Azure Databricks is hosted on the Microsoft Azure cloud platform, and integrated with Azure services such as Azure Active Directory, Azure Storage, Azure Synapse Analytics, and Azure Machine Learning.

The Azure Databricks workspace provides a unified interface and tools for most data tasks, including:

·         Data processing workflows scheduling and management

·         Working in SQL

·         Generating dashboards and visualizations

·         Data ingestion

·         Managing security, governance, and HA/DR

·         Data discovery, annotation, and exploration

·         Compute management

·         Machine learning (ML) modeling and tracking

·         ML model serving

·         Source control with Git

Azure Databricks is optimized for three specific types of data workload and associated user personas:

·         Data Science and Engineering

·         Machine Learning

·         SQL*

In addition to the workspace UI, you can interact with Azure Databricks programmatically with the following tools:

·         REST API

·         CLI

·         Terraform

·          

SQL Warehouses are only available in premium Azure Databricks workspaces.



Apache Spark clusters - Spark is a distributed data processing solution that makes use of clusters to scale processing across multiple compute nodes. Each Spark cluster has a driver node to coordinate processing jobs, and one or more worker nodes on which the processing occurs. 

Databricks File System (DBFS) - While each cluster node has its own local file system (on which operating system and other node-specific files are stored), the nodes in a cluster have access to a shared, distributed file system in which they can access and operate on data files. The Databricks File System (DBFS) enables you to mount cloud storage and use it to work with and persist file-based data.

Notebooks - One of the most common ways for data analysts, data scientists, data engineers, and developers to work with Spark is to write code in notebooks

Hive metastore - Hive is an open source technology used to define a relational abstraction layer of tables over file-based data. The tables can then be queried using SQL syntax. The table definitions and details of the file system locations on which they're based is stored in the metastore for a Spark cluster.
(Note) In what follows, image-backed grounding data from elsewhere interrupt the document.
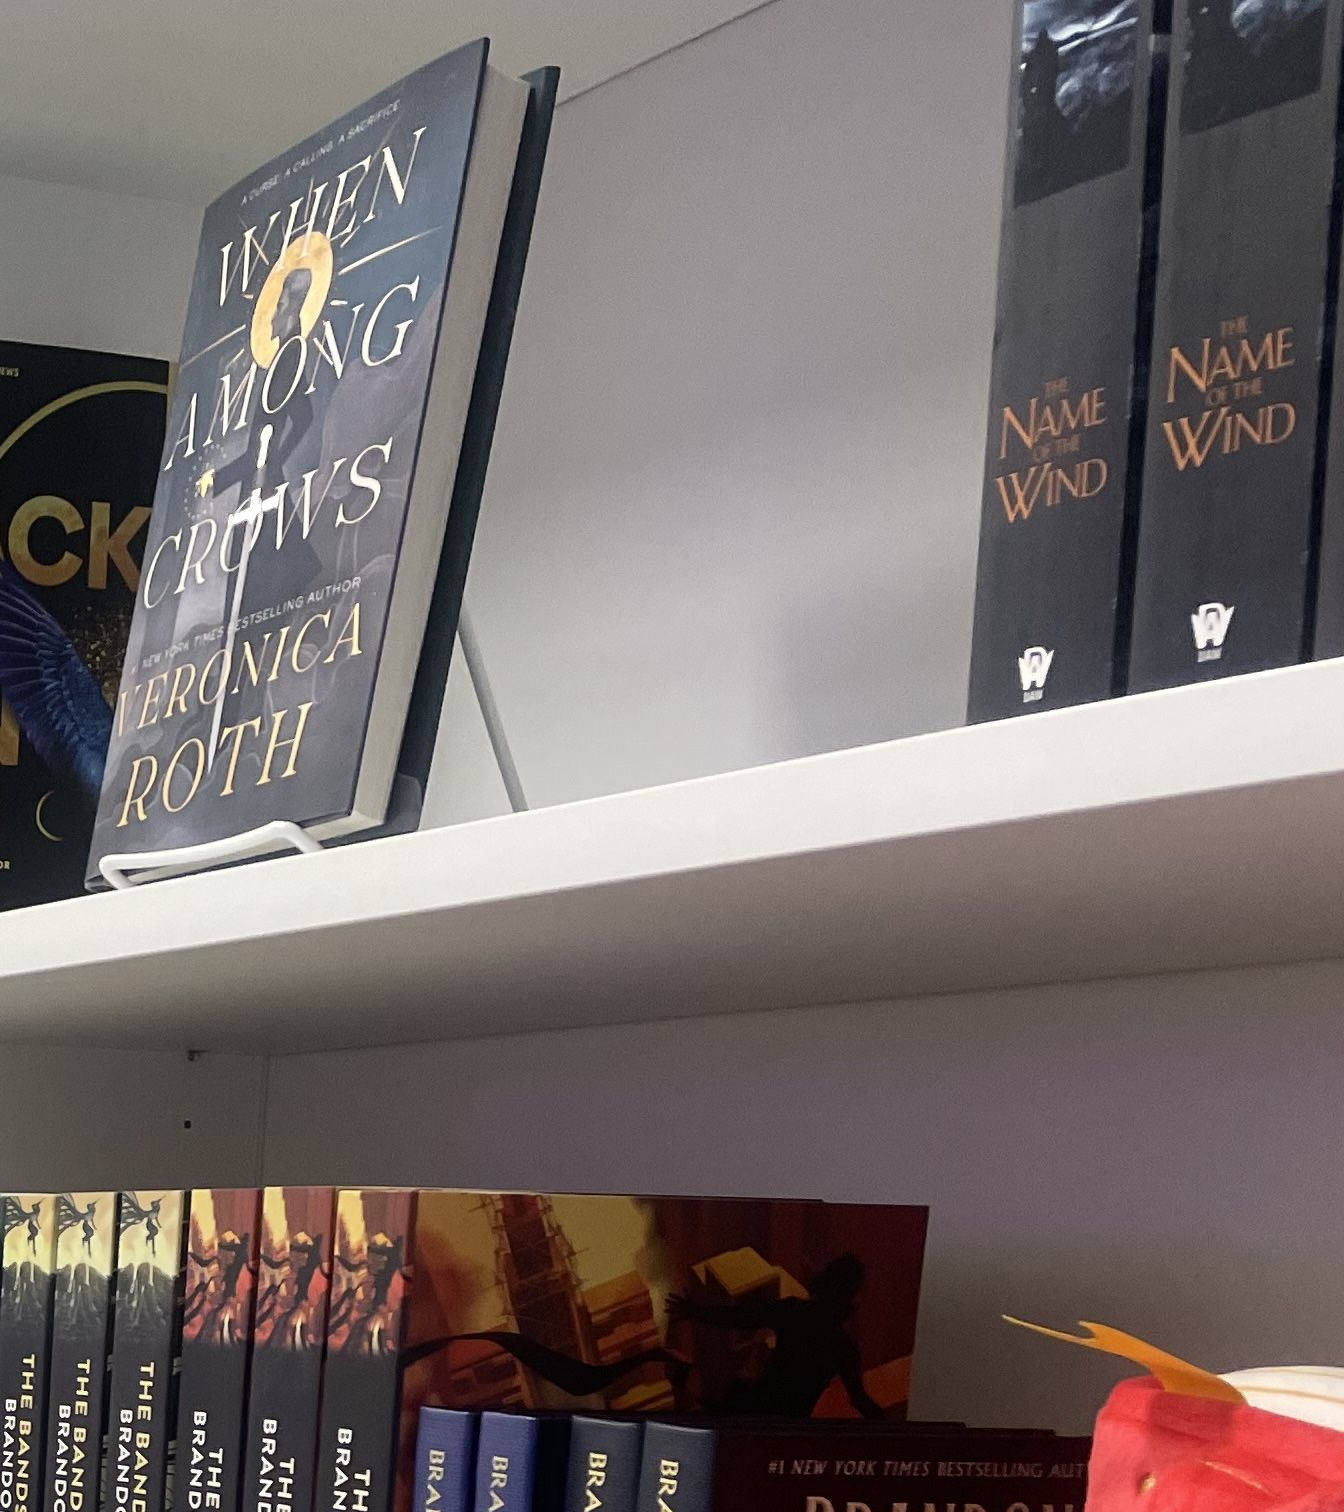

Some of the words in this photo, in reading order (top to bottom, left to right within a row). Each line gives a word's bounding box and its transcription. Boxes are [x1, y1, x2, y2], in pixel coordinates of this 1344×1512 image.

[220, 125, 427, 307] WHEN
[1220, 315, 1249, 336] THE
[163, 275, 420, 471] AMONG
[1167, 327, 1295, 403] NAME
[999, 387, 1108, 459] NAME
[1162, 402, 1296, 472] WIND
[143, 436, 393, 610] CROWS
[995, 457, 1109, 524] WIND
[194, 627, 225, 653] TIMES
[307, 575, 363, 602] AUTHOR
[118, 603, 363, 737] VERONICA
[116, 702, 313, 828] ROTH
[74, 1359, 91, 1418] THE
[790, 1460, 828, 1476] NEW
[834, 1460, 876, 1477] YORK
[882, 1460, 930, 1478] TIMES
[937, 1460, 1043, 1479] BESTSELLING
Delta Lake - Delta Lake builds on the relational table schema abstraction over files in the data lake to add support for SQL semantics commonly found in relational database systems. Capabilities provided by Delta Lake include transaction logging, data type constraints, and the ability to incorporate streaming data into a relational table. SQL Warehouses - SQL Warehouses are relational compute resources with endpoints that enable client applications to connect to an Azure Databricks workspace and use SQL to work with data in tables. The results of SQL queries can be used to create data visualizations and dashboards to support business analytics and decision making. SQL Warehouses are only available in premium tier Azure Databricks workspaces.

 

Read file using spark:

df1 = spark.read.format("csv").option("header", "true").load("dbfs:/FileStore/shared_uploads/user@outlook.com/products_1_.csv")

 

display(df1)

 save it as table

df1.write.saveAsTable("products")

 

%sql

 

 SELECT ProductName, ListPrice

 FROM products

 WHERE Category = 'Touring Bikes';


 Azure Databricks service launches and manages Apache Spark clusters within your Azure subscription. Apache Spark clusters are groups of computers that are treated as a single computer and handle the execution of commands issued from notebooks. 

They consist of a Spark driver and worker nodes. The driver node sends work to the worker nodes and instructs them to pull data from a specified data source.
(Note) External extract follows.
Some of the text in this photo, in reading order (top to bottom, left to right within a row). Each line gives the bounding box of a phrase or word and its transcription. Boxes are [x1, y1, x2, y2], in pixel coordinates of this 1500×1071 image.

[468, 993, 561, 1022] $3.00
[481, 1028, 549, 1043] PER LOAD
In Databricks, the notebook interface is typically the driver program. This driver program contains the main loop for the program and creates distributed datasets on the cluster, then applies operations to those datasets. Driver programs access Apache Spark through a SparkSession object regardless of deployment location.

Diagram of an example Apache Spark cluster, consisting of a Driver node and four worker nodes.



Work submitted to the cluster is split into as many independent jobs as needed. Jobs are further subdivided into tasks. The input to a job is partitioned into one or more partitions. These partitions are the unit of work for each slot. In between tasks, partitions may need to be reorganized and shared over the network.

Spark parallelizes jobs at two levels:

  • The first level of parallelization is the executor - a Java virtual machine (JVM) running on a worker node, typically, one instance per node.
  • The second level of parallelization is the slot - the number of which is determined by the number of cores and CPUs of each node.
  • Each executor has multiple slots to which parallelized tasks can be assigned
  • .

Diagram of Spark cluster with tasks.

By splitting the work into tasks, the driver can assign units of work to *slots in the executors on worker nodes for parallel execution. Additionally, the driver determines how to partition the data so that it can be distributed for parallel processing.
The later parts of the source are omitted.